As expected, Netflix just released brutal quarterly results on Tuesday, April 19. Among other things, there was a loss of subscribers for the first time in more than a decade. And there’s a lot more to unpack in the streamer’s performance too, which also saw Netflix pull out of Russia following its invasion of Ukraine. This had the effect of decoupling around one million subscribers from the overall user base.
Long story short: Streaming Wars is increasingly turning into something akin to grueling hand-to-hand combat between major departments. And each additional benefit will be more and more valuable. That’s why Netflix also had a lot to say about password sharing in its latest quarterly letter to shareholders.
Netflix Account Password Sharing
At the very top of this letter to shareholders, in the second sentence, Netflix includes its first reference to password sharing. The streamer’s “relatively high household penetration,” it reads, “when including the large number of households sharing accounts combined with competition, creates headwinds for revenue growth” (emphasis mine).
Netflix goes on to promise shareholders that the company will work to “re-accelerate” revenue growth. How? One way is to improve the streaming service overall. The other: “Efficient monetization of multi-household sharing”.
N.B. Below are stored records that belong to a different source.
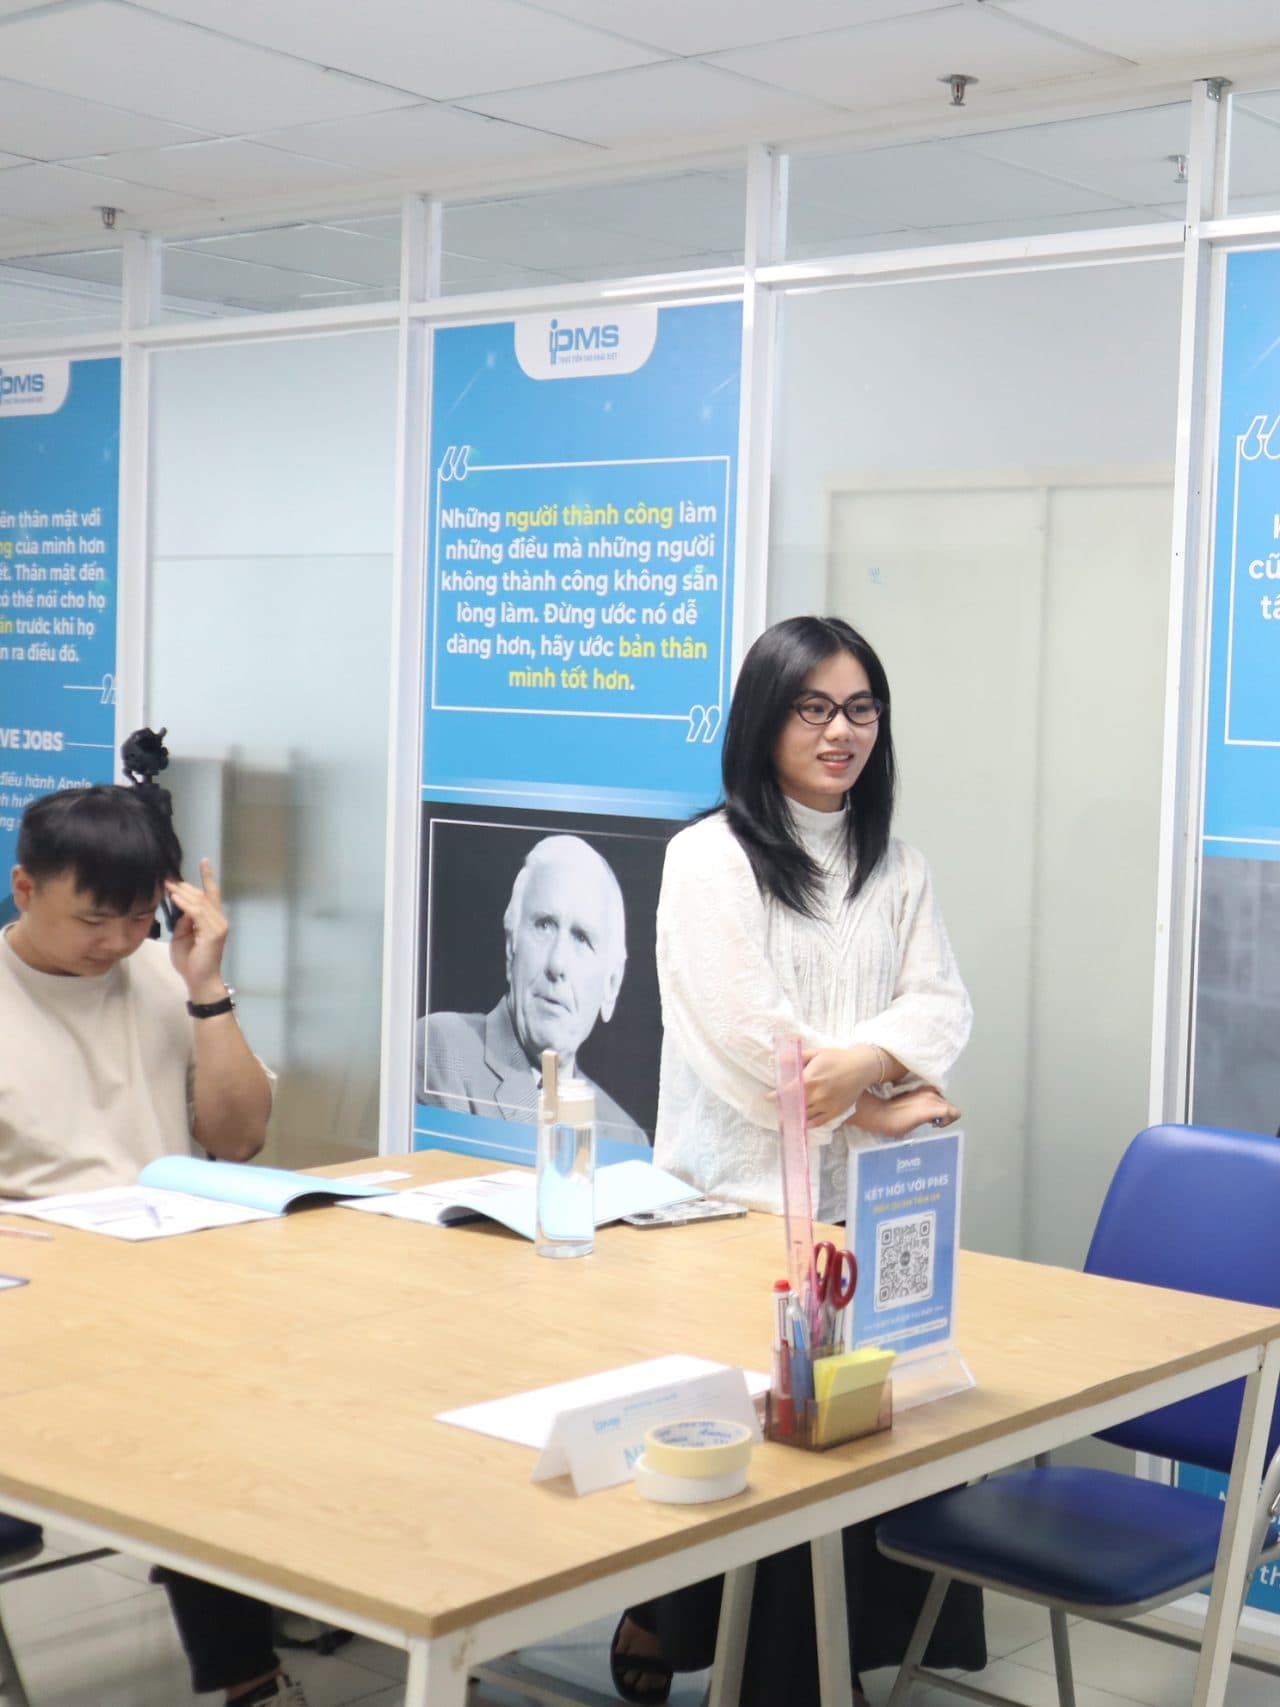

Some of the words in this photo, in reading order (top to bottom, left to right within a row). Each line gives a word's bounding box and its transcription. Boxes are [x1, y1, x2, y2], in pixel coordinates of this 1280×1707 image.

[441, 508, 500, 531] Những
[505, 504, 558, 531] người
[563, 504, 619, 526] thành
[624, 504, 673, 530] công
[679, 501, 717, 524] làm
[446, 537, 503, 564] những
[508, 536, 548, 559] điều
[553, 536, 582, 559] mà
[588, 534, 651, 562] những
[656, 534, 715, 561] người
[441, 570, 497, 596] không
[502, 569, 556, 592] thành
[561, 570, 608, 596] công
[614, 570, 677, 596] không
[682, 564, 718, 591] sẵn
[457, 602, 496, 628] lòng
[501, 602, 539, 624] làm.
[544, 603, 596, 629] Đừng
[601, 605, 636, 625] ước
[642, 605, 667, 625] nó
[672, 598, 698, 625] dễ
[446, 633, 491, 659] dàng
[496, 634, 536, 659] hơn,
[541, 634, 574, 661] hãy
[579, 636, 614, 657] ước
[619, 634, 656, 658] bản
[662, 637, 708, 660] thân
[509, 666, 556, 688] mình
[561, 665, 588, 689] tốt
[593, 666, 636, 691] hơn.
[23, 729, 64, 751] JOBS
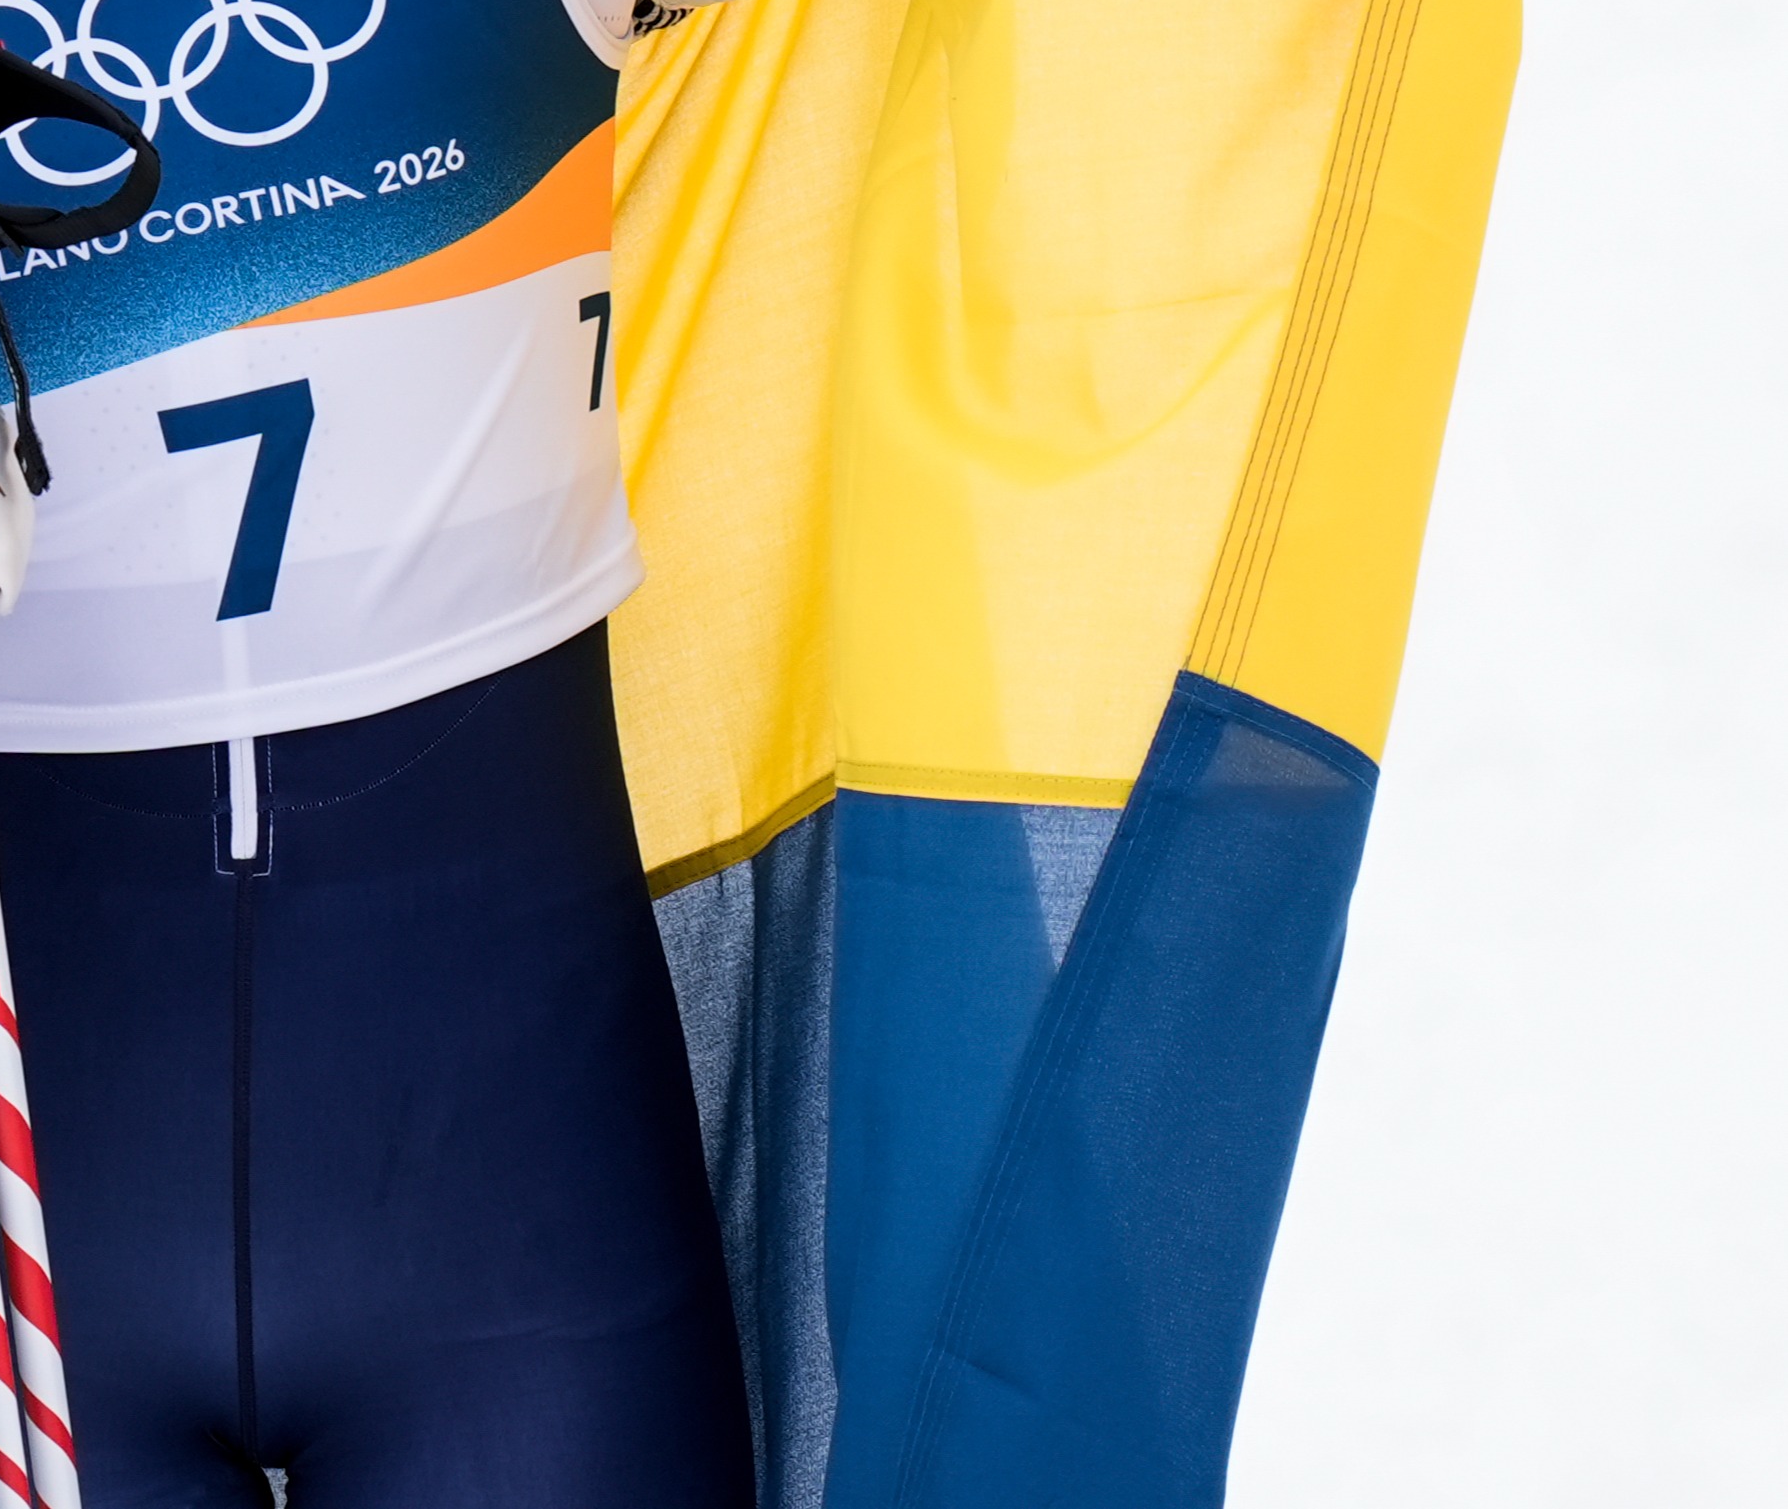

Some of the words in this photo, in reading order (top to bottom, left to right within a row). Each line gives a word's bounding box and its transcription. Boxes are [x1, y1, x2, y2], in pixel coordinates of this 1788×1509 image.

[139, 174, 367, 244] CORTINA
[374, 138, 466, 194] 2026
[579, 291, 611, 412] 7
[157, 378, 315, 622] 7
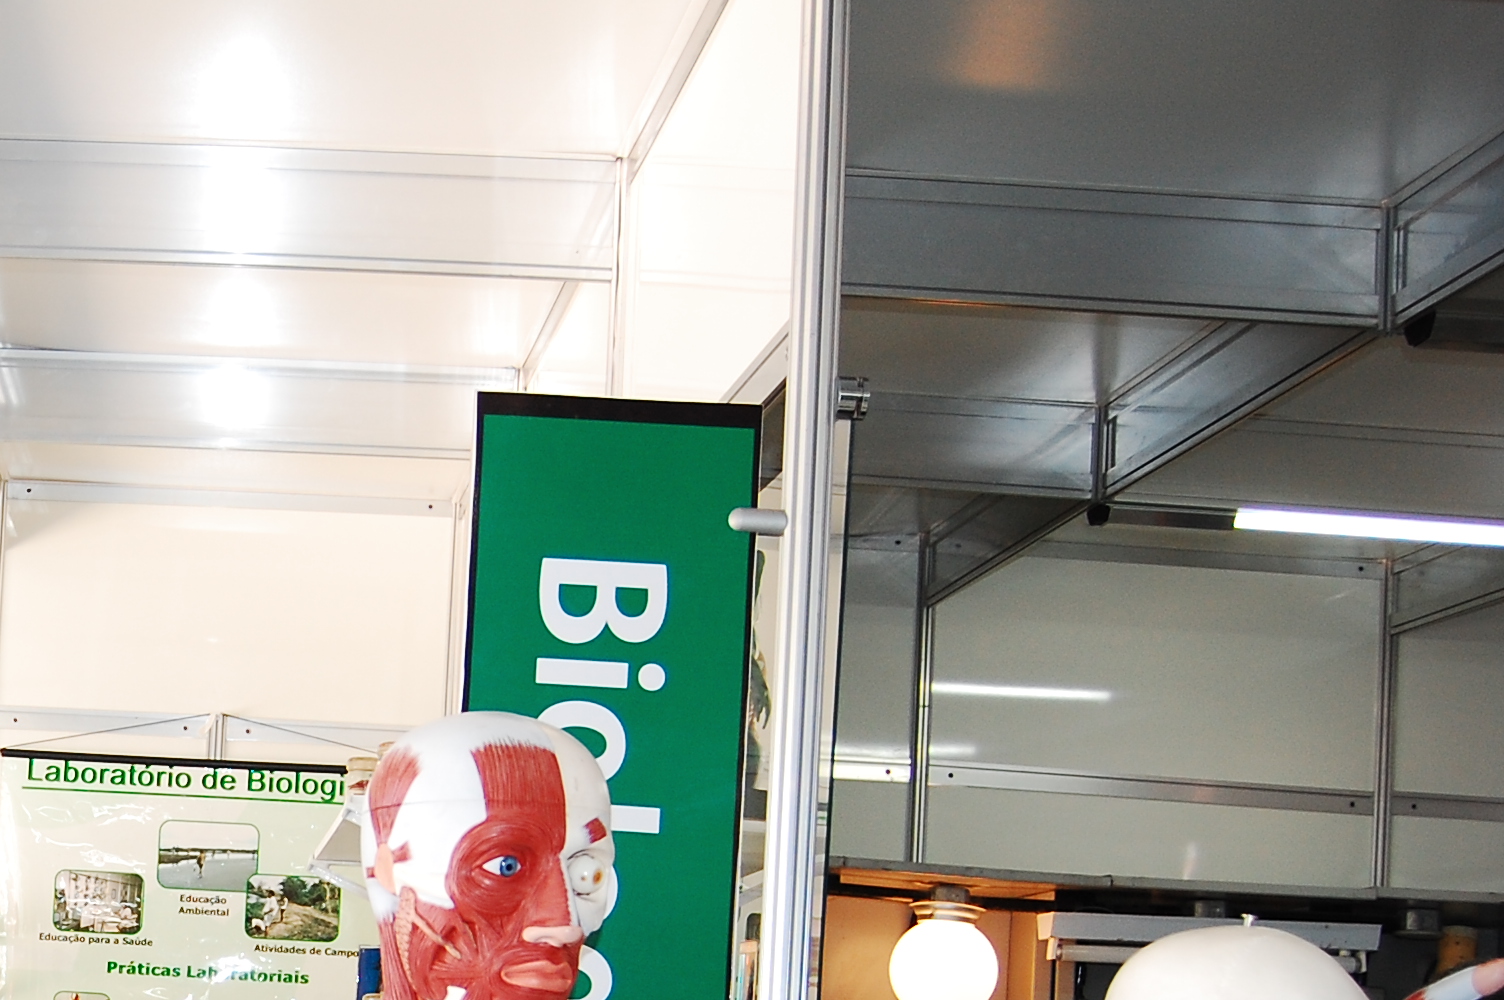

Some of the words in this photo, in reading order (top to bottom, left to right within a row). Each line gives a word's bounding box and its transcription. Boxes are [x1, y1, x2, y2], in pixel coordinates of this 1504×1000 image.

[201, 768, 237, 791] de
[247, 769, 345, 801] Biologi
[179, 894, 227, 906] Educação
[178, 906, 230, 917] Ambiental
[39, 932, 86, 945] Educação
[88, 936, 111, 946] para
[254, 944, 307, 955] Atividades
[309, 946, 322, 956] de
[324, 948, 360, 958] Campo
[106, 960, 181, 977] Práticas
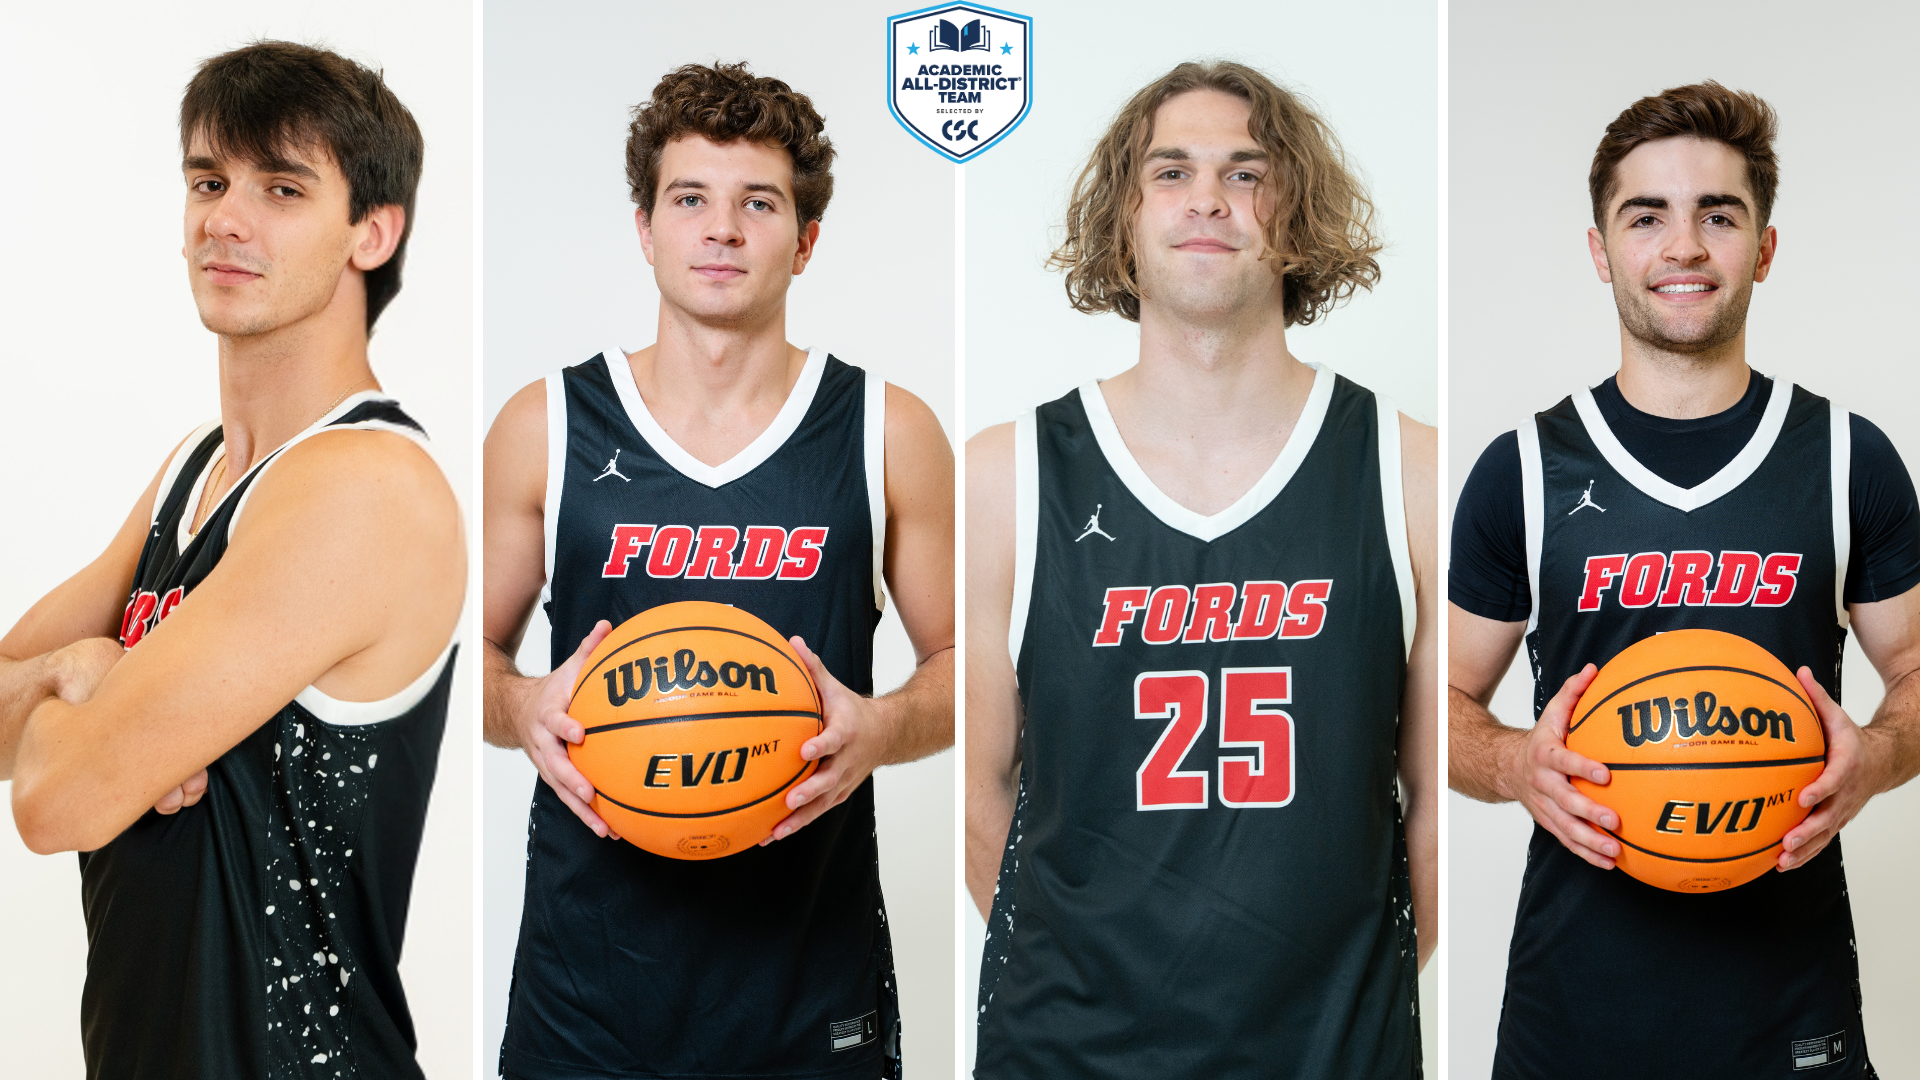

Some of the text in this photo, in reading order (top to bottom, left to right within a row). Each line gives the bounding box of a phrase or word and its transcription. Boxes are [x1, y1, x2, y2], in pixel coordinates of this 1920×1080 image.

Translation – Netflix needs money more than ever from your moochers who use other people’s Netflix accounts.
What’s the problem?
Let’s stop briefly here for a quick recap. Netflix has tiered pricing plans that allow two or four simultaneous Netflix streams. Depending, of course, on the plan you pay for. This involves allowing password sharing between at least some Netflix users. However, Netflix’s terms of service are also self-explanatory.
“The Netflix Service and any content accessible through our Service is for your personal, non-commercial use only,” the terms state, “and may not be shared with anyone outside of your household.”
In an announcement on Wednesday, March 16, Netflix explained in a company press release that it will begin incentivizing password sharers who don’t live in the primary account holder’s physical household to start paying. But only in certain places (for now). The practice, among other things, impacts “our ability to invest in new television programs and movies” for subscribers. That’s according to Netflix’s director of product innovation, Chengyi Long, in a company press release.
To fight against it? Netflix has launched a test in Chile, Costa Rica and Peru. It will ask people who borrow other people’s Netflix account passwords to start paying. Today’s news, meanwhile, should also warn password sharers in the United States, if they weren’t already.
Netflix knows how many of you are freeloaders
Netflix’s shareholder letter goes on to state that the company believes that all broadband homes will be potential Netflix customers.
But people who borrow other people’s Netflix account credentials stand in the way.
“In addition to our 222 million paying households,” the letter continues, “we estimate that Netflix is shared with over 100 million additional households, including over 30 million in the UCAN region. Account sharing as a percentage of our Paid membership hasn’t changed much over the years, but, coupled with the first factor, means it’s harder to grow membership in many markets – an issue that has been obscured by our COVID growth.
At the end of the line ? It doesn’t look like Netflix is going to leave the status quo of this issue in the US as it is for much longer.
More Netflix coverage: For more Netflix news, check out our coverage of the latest new Netflix movies and series to watch.